Allow overriding the template for schema_filter view on a per-schema basis, by creating a template named db/schema_filter/<schema>.html
Nieghbornews schemas now have specific templates for the schema_filter view.
Added featured flag on ebpub.db.Lookup model, allowing admins to designate some Lookup values as “special”, for use in eg. navigation. (#268)
Added a get_featured_lookups_by_schema template tag, puts into context a list of the “special” Lookup values for that schema. (#268)
Added Lookup.objects.get_featured_lookup_for_item(newsitem, attribute_key) method to find out which “featured” Lookups a newsitem has for a given attribute.
Added a lookup_values_for_attribute template tag, dumps all values of a given db.attribute field as a JSON list.
Made schema_filter the default view of Schemas, ticket #272
Added ebpub.moderation app that allows users to flag NewsItems as spam or inappropriate, and an admin UI for it; see moderation for more.
Added Schema.allow_flagging boolean to toggle moderation flagging per schema. Allowed by default on the ebpub.neighbornews schemas.
User-uploaded images now supported for NewsItems, and enabled for the ebpub.neighbornews user-contributed content schemas.
Added new userlinks.html template so you can override the links at top right of the page.
Added a get_locations_for_item template tag, see ../main/widgets for more.

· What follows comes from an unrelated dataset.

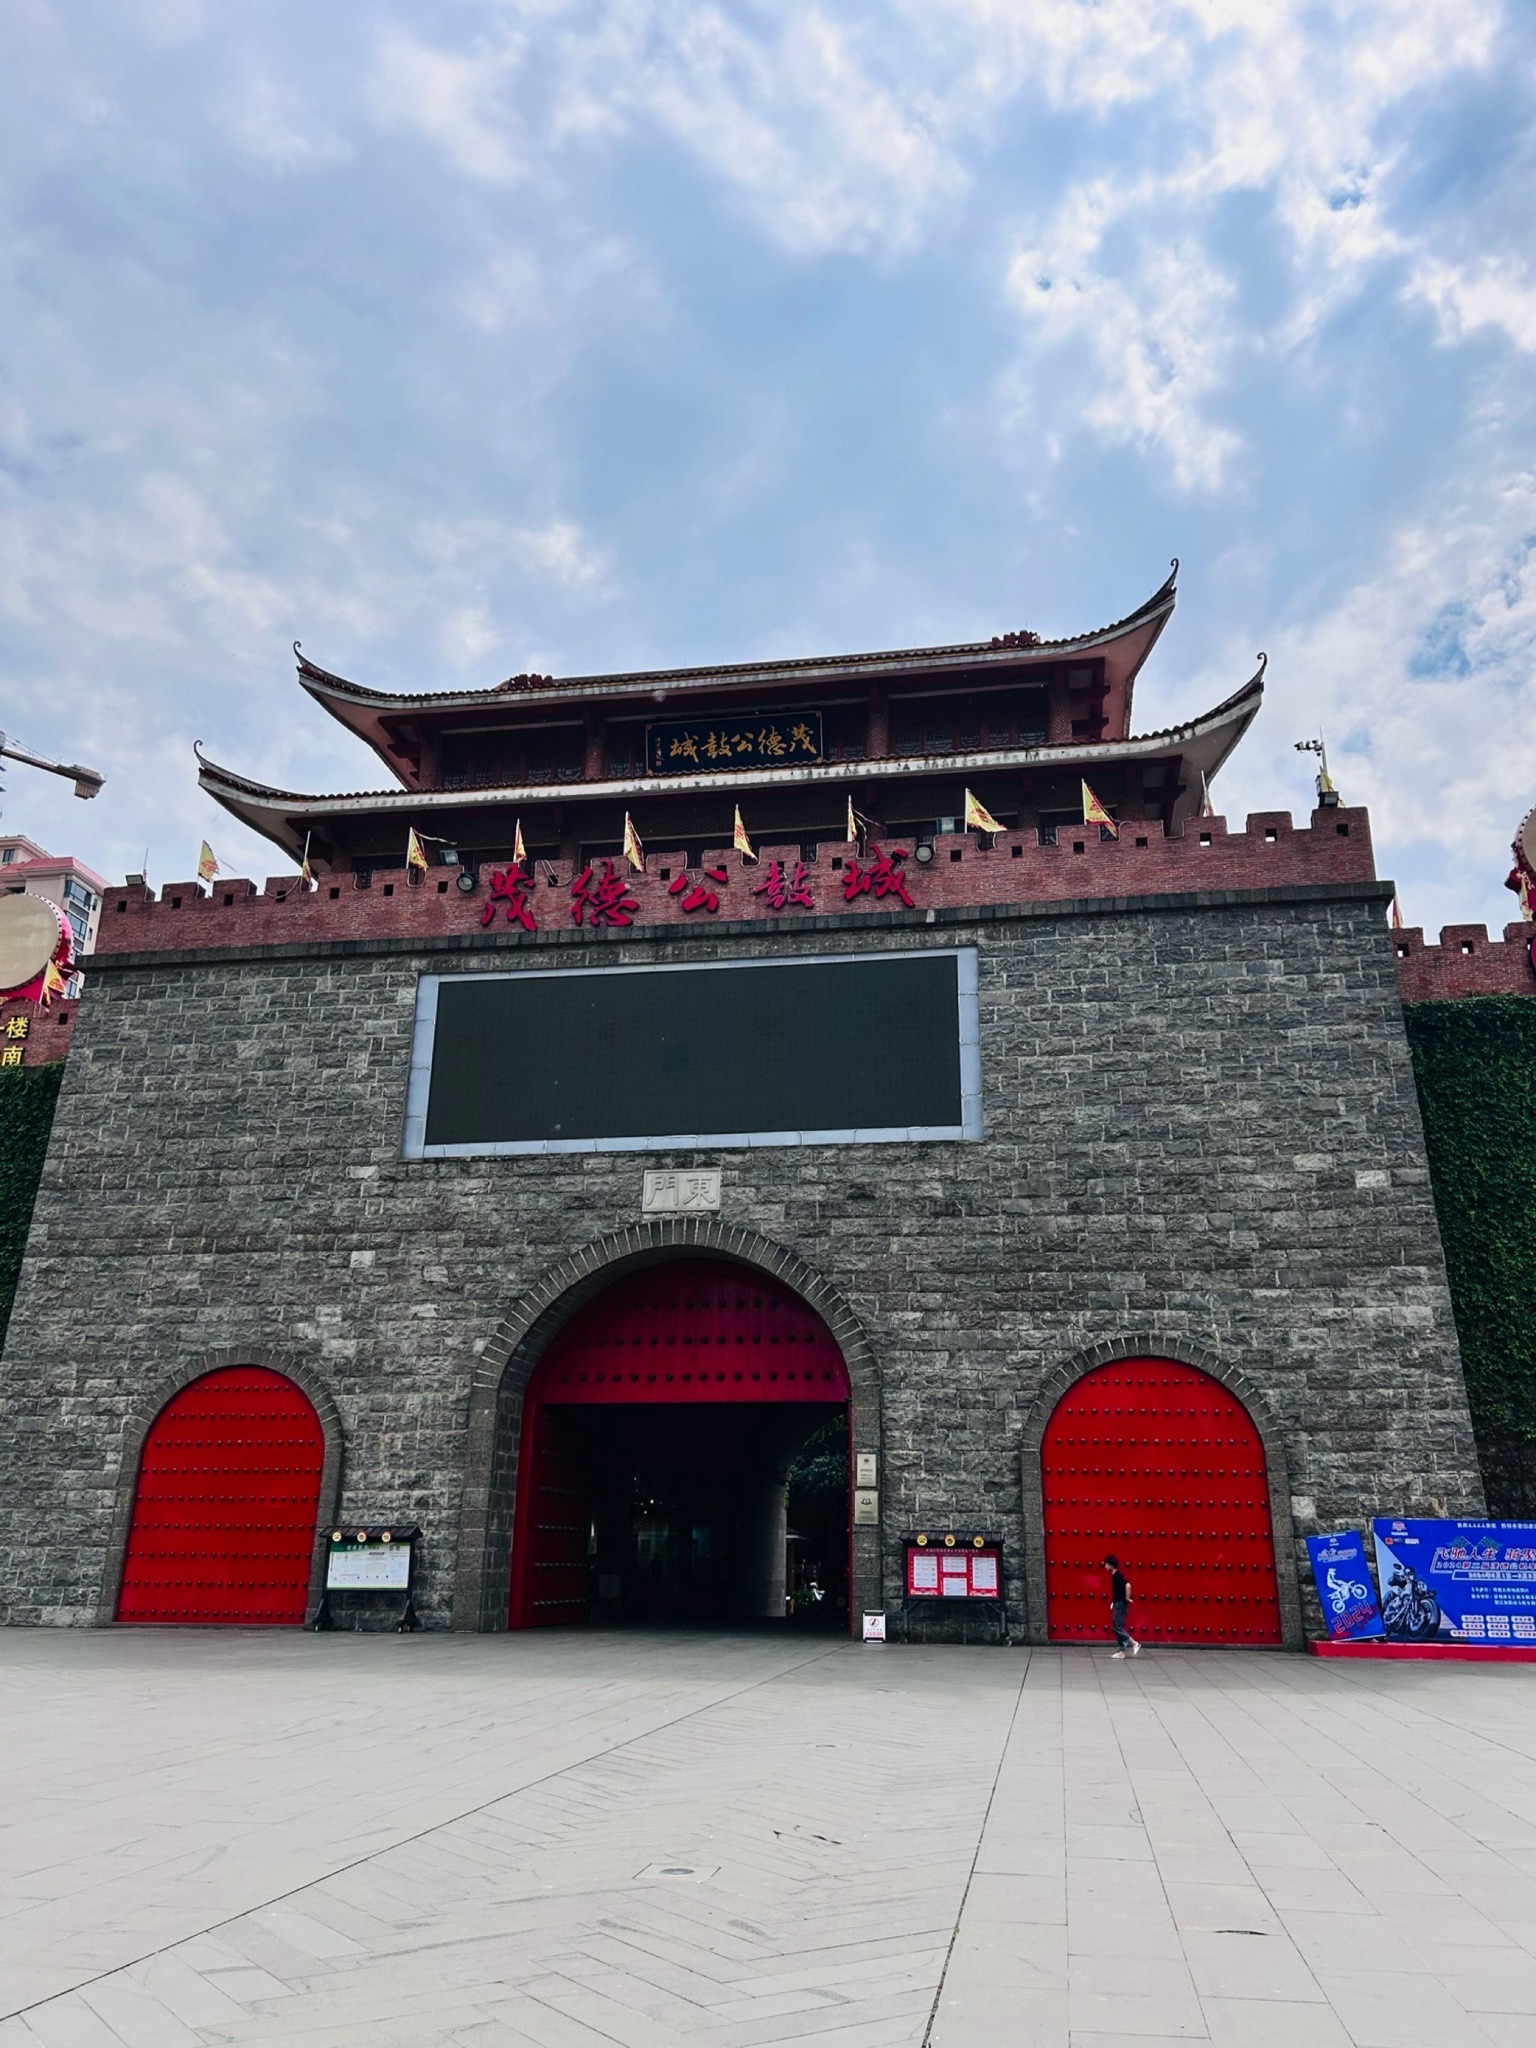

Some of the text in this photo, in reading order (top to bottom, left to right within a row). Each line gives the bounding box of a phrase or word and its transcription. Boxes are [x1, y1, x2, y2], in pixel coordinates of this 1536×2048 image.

Now works with Postgresql 9.1, ticket #262
Nicer map controls thanks to Frank Hebbert, ticket #225
Added advanced hook for filtering schemas based on arbitrary request data; implement this by assigning settings.SCHEMA_MANAGER_HOOK = 'some_module:some_function', where some_module.some_function takes arguments (request, manager) and returns a models.Manager instance whose query sets will return the allowed Schemas.
Add Vary headers to REST API responses, for more correct HTTP cache-ability.
Auto-complete categories on the “neighbornews” add/edit forms.
Optional ReCaptcha on the user-contributed (“Neighbornews”) add/edit forms.
User-contributed content (“neighbornews”) now has edit and delete forms.
Sensible defaults on most DateFields and DateTimeFields, can still be overridden.
Logout now redirects you to whatever page you were viewing.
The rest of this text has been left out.